The ramification of this statement is that it characterizes an entire class of graphs to be "well-connected", and the corresponding class of linear algebra problems to be well-conditioned irrespective of problem size. The fact that the eigenvalues are integers is quite significant, since it implies that the solutions to integer and linear program versions of this matrix would coincide, and this can be exploited to prove several graph results. I can give more background if necessary.

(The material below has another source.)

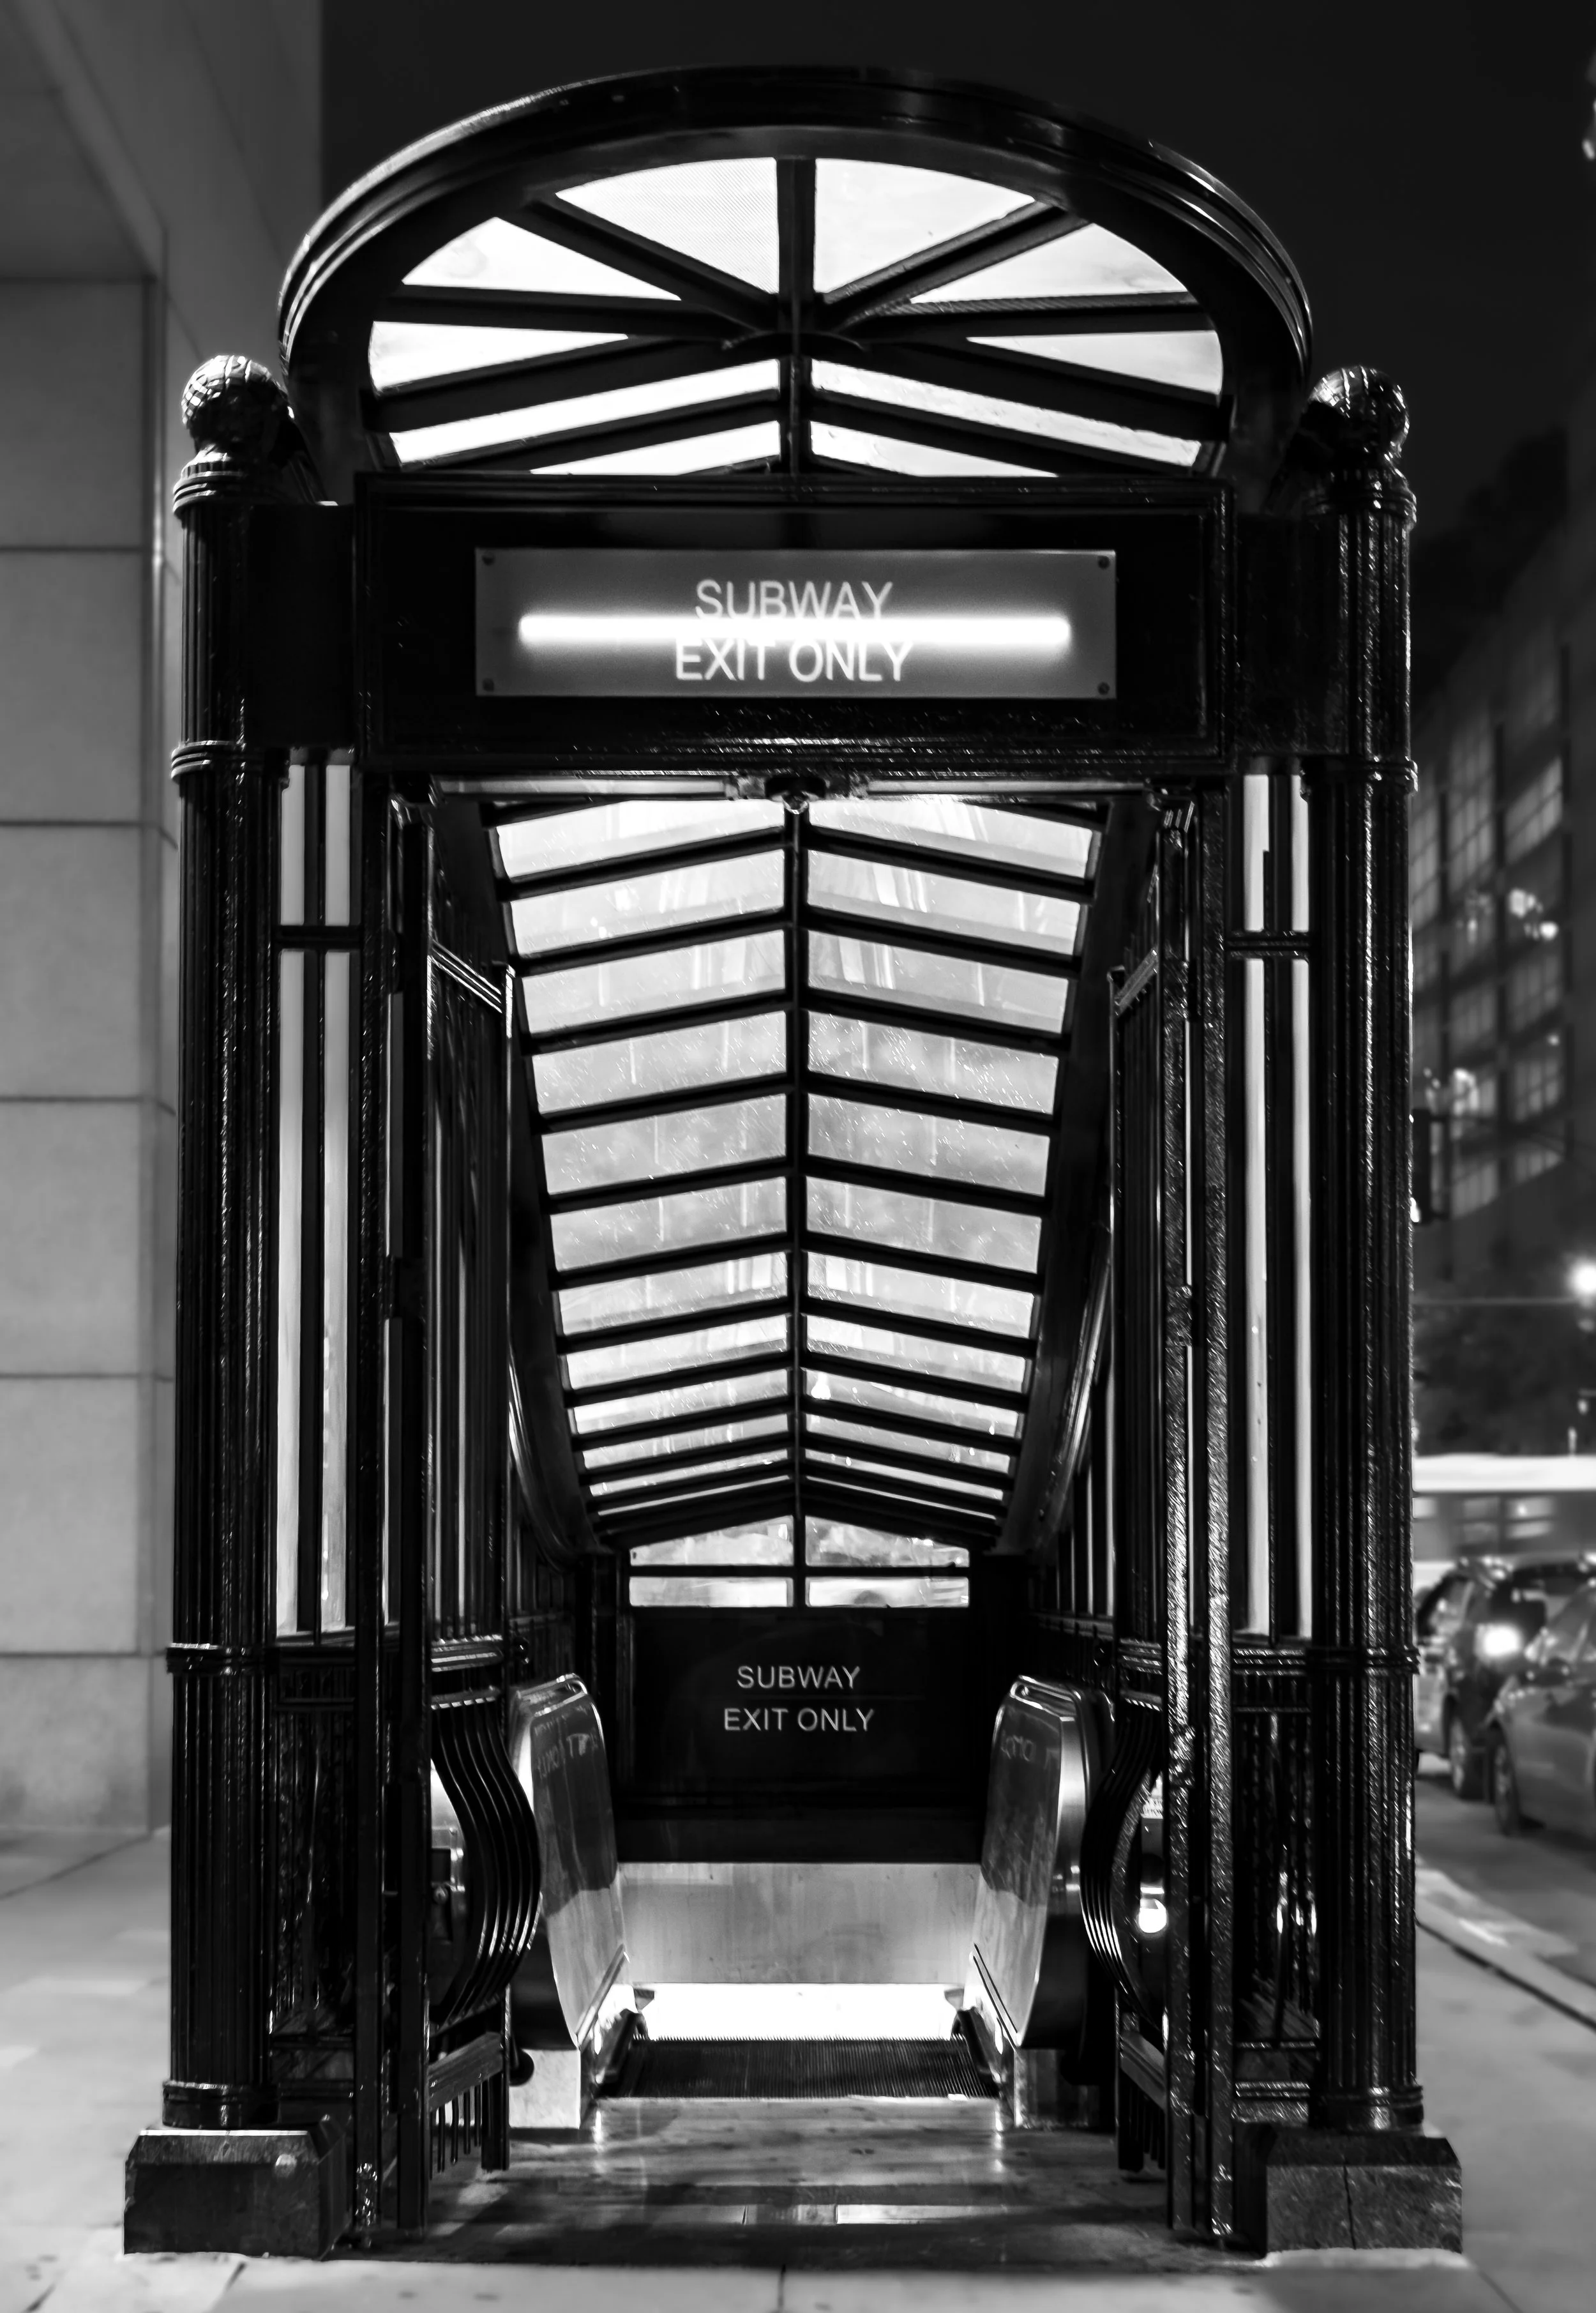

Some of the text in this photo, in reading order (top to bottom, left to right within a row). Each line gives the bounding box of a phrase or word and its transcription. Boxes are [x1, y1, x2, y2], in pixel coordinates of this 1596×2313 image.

Some candidate approaches I have tried:
-
Recursive characteristic polynomial. It is routine to write down a formula for $\mathrm{det}(B_n – \lambda I_n)$. However, it's difficult to find its roots without resorting to variations on Newton iterations.
-
Golub-Kahan form. One may reorder the rows and columns to yield a tridiagonal matrix with zeros along the main diagonal. More specifically, let $e_i$ denote the i-th column of the identity, define a similarity transform $E=\begin{bmatrix} e_1 & e_n & e_2 & e_{n-1} & \ldots\end{bmatrix}$, and consider $\hat{B}=E^TBE$. However, its characteristic polynomial is a mess, and we encounter the same problem trying to prove roots of the polynomial.
-
Matrix inverse. The matrix $B_6$ has the following inverse $$B_{6}^{-1}=\begin{bmatrix}\frac{1}{6} & \frac{1}{6} & \frac{1}{6} & \frac{1}{6} & \frac{1}{6} & \frac{1}{6}\\
\frac{1}{5} & \frac{1}{5} & \frac{1}{5} & \frac{1}{5} & \frac{1}{5}\\
\frac{1}{4} & \frac{1}{4} & \frac{1}{4} & \frac{1}{4}\\
\frac{1}{3} & \frac{1}{3} & \frac{1}{3}\\
\frac{1}{2} & \frac{1}{2}\\
1
\end{bmatrix}.$$ A proof of this is simply gaussian elimation of a triangle-like matrix. Thus Prop 1 can be reworded as $\lambda(B_6^{-1})=\{1,-1/2,1/3,-1/4,1/5,-1/6\}$. It does not appear to be any easier to obtain the eigenvalues of $B^{-1}_n$. Indeed, its characteristic polynomial is even harder to write down. -
Interpretation as difference operator. Finally, the matrix can be viewed as a difference operator, and in the limit $\lim_{n\to\infty}B_n$, its eigenfunctions are orthogonal polynomials. This approach yields a proof. However it does not say anything about the cases where $n$ is small, e.g. 4 or 5.
Any advice or suggestions?
Best Answer
This problem is essentially the same as this one. In particular, let $J$ be the anti-diagonal identity matrix, and $P^{-1}$ be the matrix mentioned in the link above. Then, the matrix in the current post is nothing but \begin{equation*} B_n = JP^{-T}J^T. \end{equation*} Since $J^TJ=I$, we can recover eigenvectors and values of $B_n$ using the derivation for $P$ in the linked post.